Let’s say the stand-out applicant in terms of qualifications, experience and recommendations is black. Had a great interview, too. But let’s say a council member speaks up and says, “You know, we’ve already got a black fire chief; I think the police chief ought to be white.”

Now let’s suppose another council member is upset by the statement and mentions it in a phone call to state Rep. Omeria Scott, D-Laurel, a 22-year member of the Legislature.

Now Rep. Scott is also black, but any right-minded person should be alarmed that in 2015 any person of any race who is the most qualified applicant for any job gets turned away based completely on race.

So what does Rep. Scott do?

First, she thanks the council member for letting her know about the comment. She’s disappointed to hear this, too.

Next — if her House Bill 290 becomes law — she is obliged to tell the caller he or she owes a $25,000 fine for, as it were, spilling the beans.

Further, she’d tell the council member the fine doubles and redoubles depending on repeated disclosure of, as her bill says, “any information derived from an executive session of a public body.”

Even if the council member who made the racially charged statement later repeated the same statement in public, the fine would be due, according to the bill, because the statement was first made in secrecy.

Mind you, the Legislature only recently created a $500 fine for officials who egregiously violate the open meetings law. None have been imposed. But if Rep. Scott has her way, the first-offense fine for any tattle-telling or any type after a closed session is 50 times — 50 times! — greater.

It’s not known what put the bee in Rep. Scott’s bonnet about disclosure of closed session discussions.

But it is clear the bill represents a fundamental — a crucially fundamental — misunderstanding.

The open meetings statutes in Mississippi and most other states allow public boards and commissions to meet in closed session in specific situations.

In every one of those situations, in the public’s interest for the conversation to be closed. Closure is not to shield officials from accountability for what they say or do, even if it turns out they are embarrassed.

Let’s say our town council is being sued or buying land for a new fire station. In closed session, the officials agree that the town can afford a $500,000 offer. But their consultant says, “Let’s offer $400,000, first.” If the lower offer is accepted, then the public has been saved $100,000.

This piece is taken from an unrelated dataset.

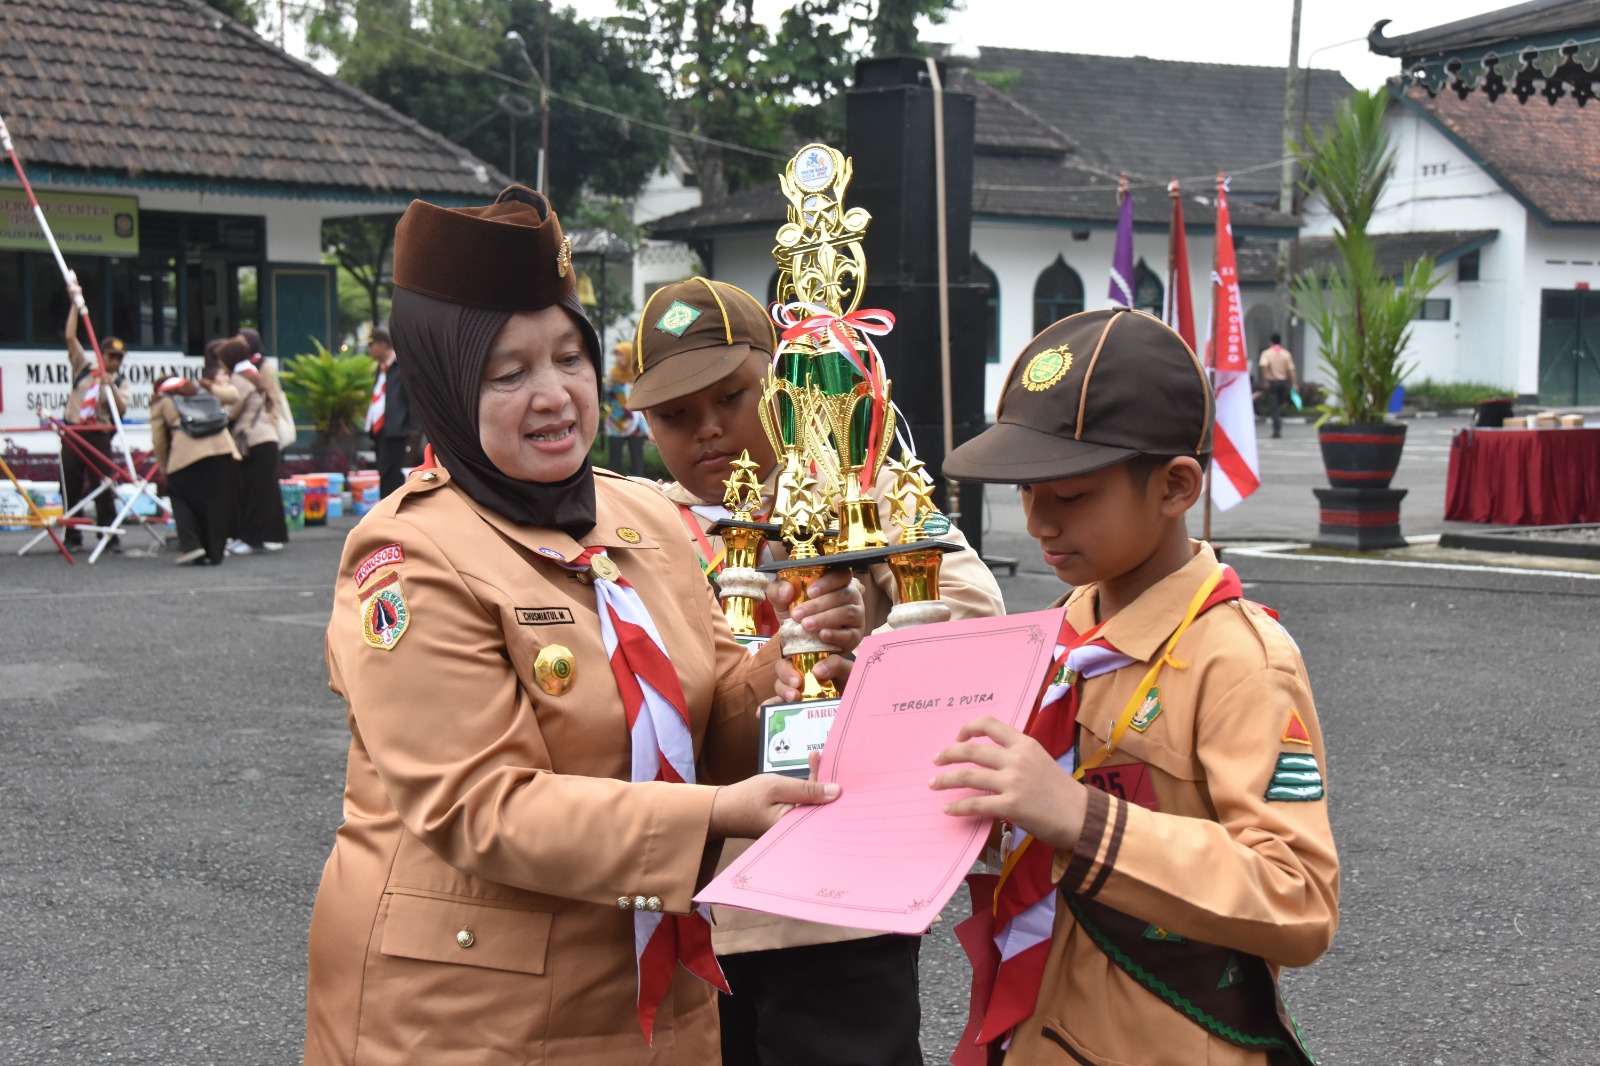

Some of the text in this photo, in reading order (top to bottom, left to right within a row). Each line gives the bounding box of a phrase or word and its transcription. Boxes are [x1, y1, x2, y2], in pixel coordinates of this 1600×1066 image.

[358, 547, 401, 580] WONOSOBO
[892, 692, 994, 712] TERGIAT 2 PUTRA
[807, 707, 839, 719] BARUN
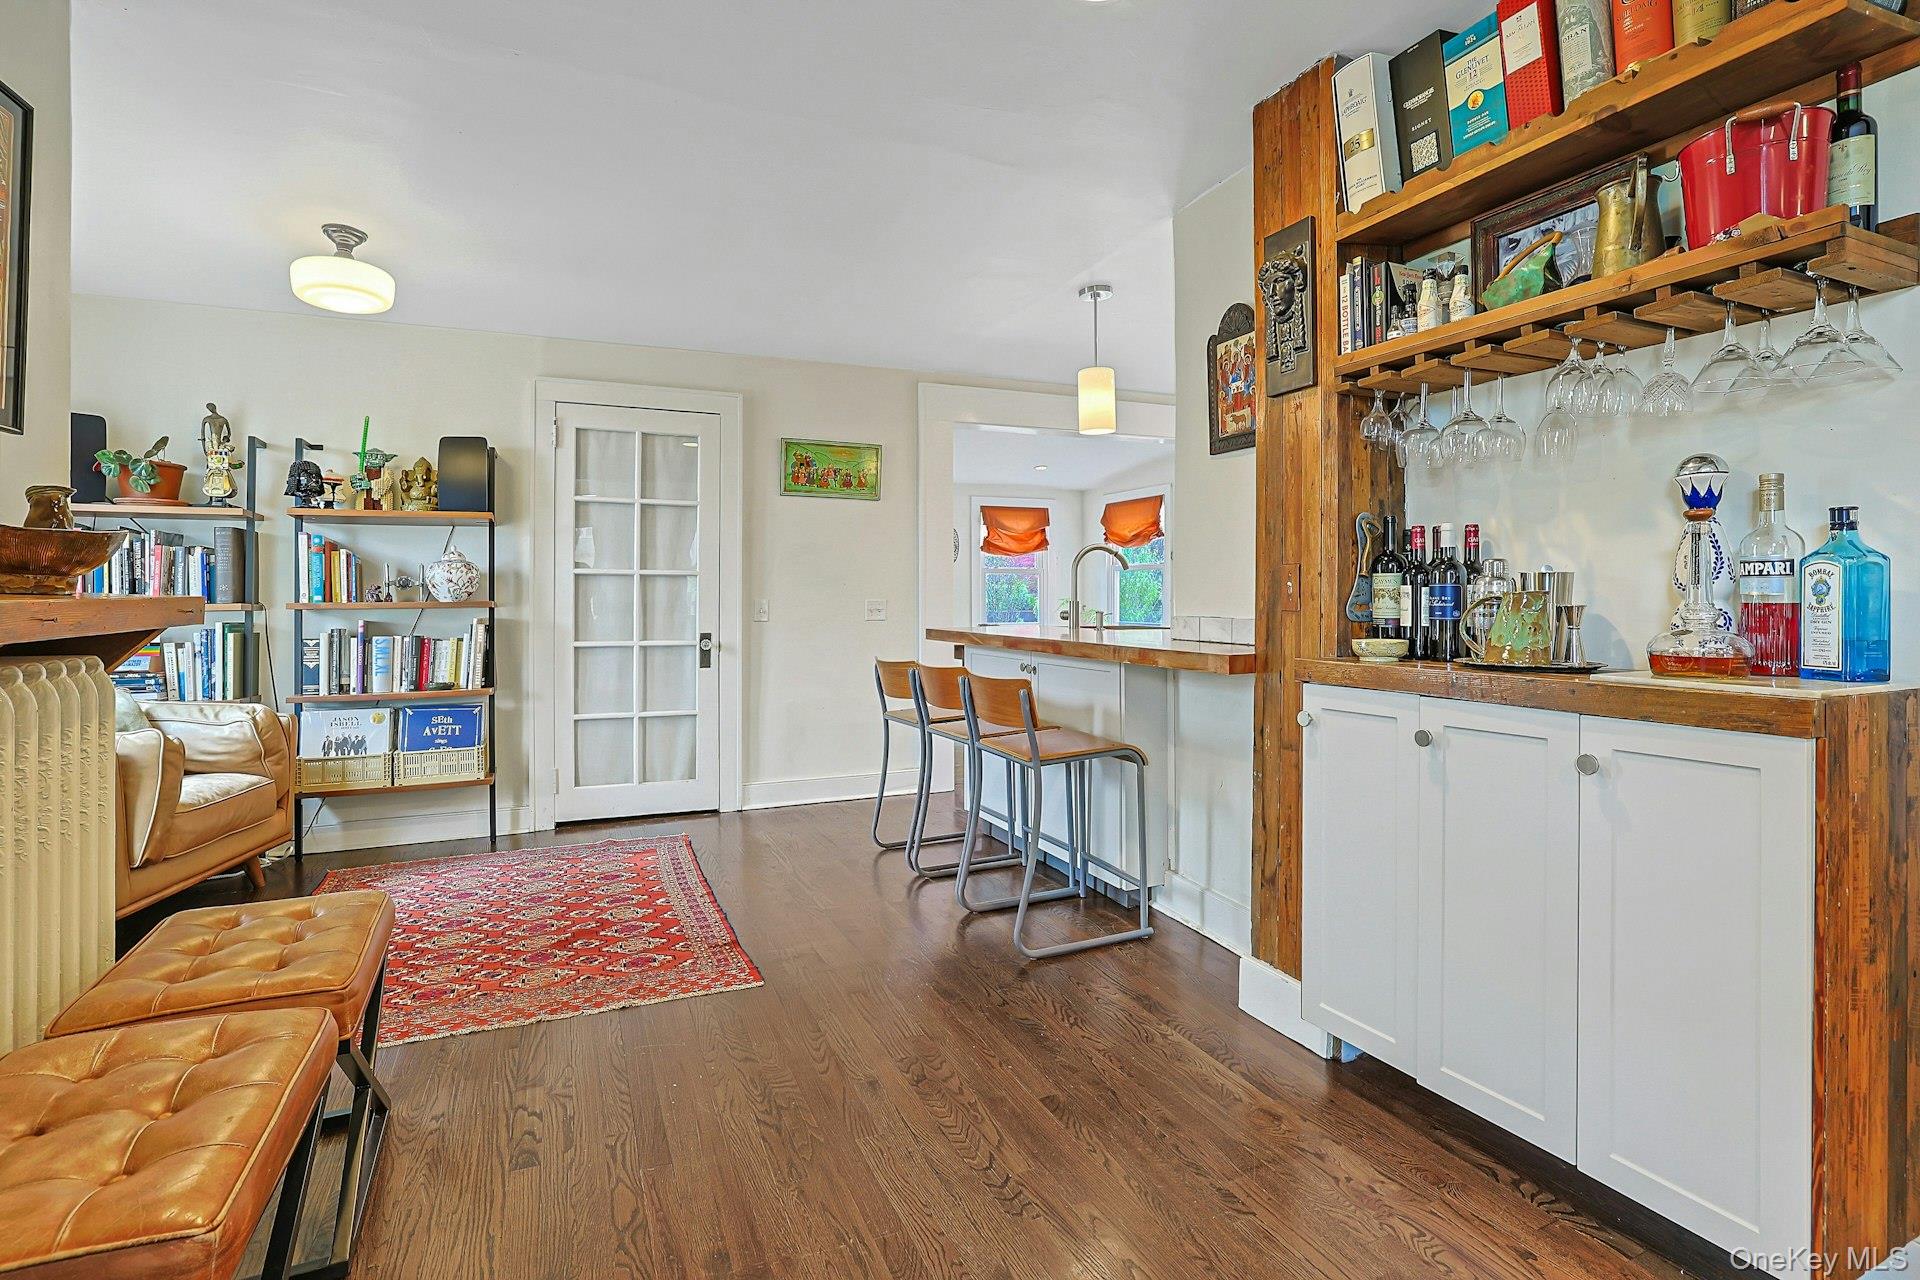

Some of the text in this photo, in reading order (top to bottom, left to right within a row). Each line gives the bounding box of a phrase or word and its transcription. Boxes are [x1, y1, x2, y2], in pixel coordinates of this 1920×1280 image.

See? There’s no way the larger offer would have been accepted had the conversation about how much was available been public. That’s why the law allows closed or executive sessions. They can be beneficial to taxpayers.

It’s the same with the open records law. The public benefits from qualified doctors, dentists, CPAs, nurses, attorneys and airline pilots. That’s why any local, state or national tests administered to people seeking licensure are exempted from disclosure.

In this state and others, statutes — including the one Rep. Scott wants to amend — list in what types of normally public meetings can be paused, if you will, for private discussions.

There’s no way to read those justifications without understanding that each was written to confer benefit to the public and that not a single one was written to provide a hiding place for any official or group of officials who simply prefer secrecy, find the public annoying or are insecure about the public having knowledge of their discussions and decisions.

Not picking on Rep. Scott here. She’s far from alone in submitting legislation that would create greater distance between people in positions of public trust and the people who had enough sense to accept their leadership … but can’t be trusted to know what they’re doing. Other bills are pending. Some are from Democrats. Some are from Republicans. This is not a partisan topic.

Gov. Phil Bryant has consistently preached openness and so has Lt. Gov. Tate Reeves. Their statements indicate they understand open and accountable government is good and effective government. Officials have a lot less to fear from a public that feels clued in than a public that gets locked out.

Good thing, because it appears lawmakers intend to keep testing their resolve.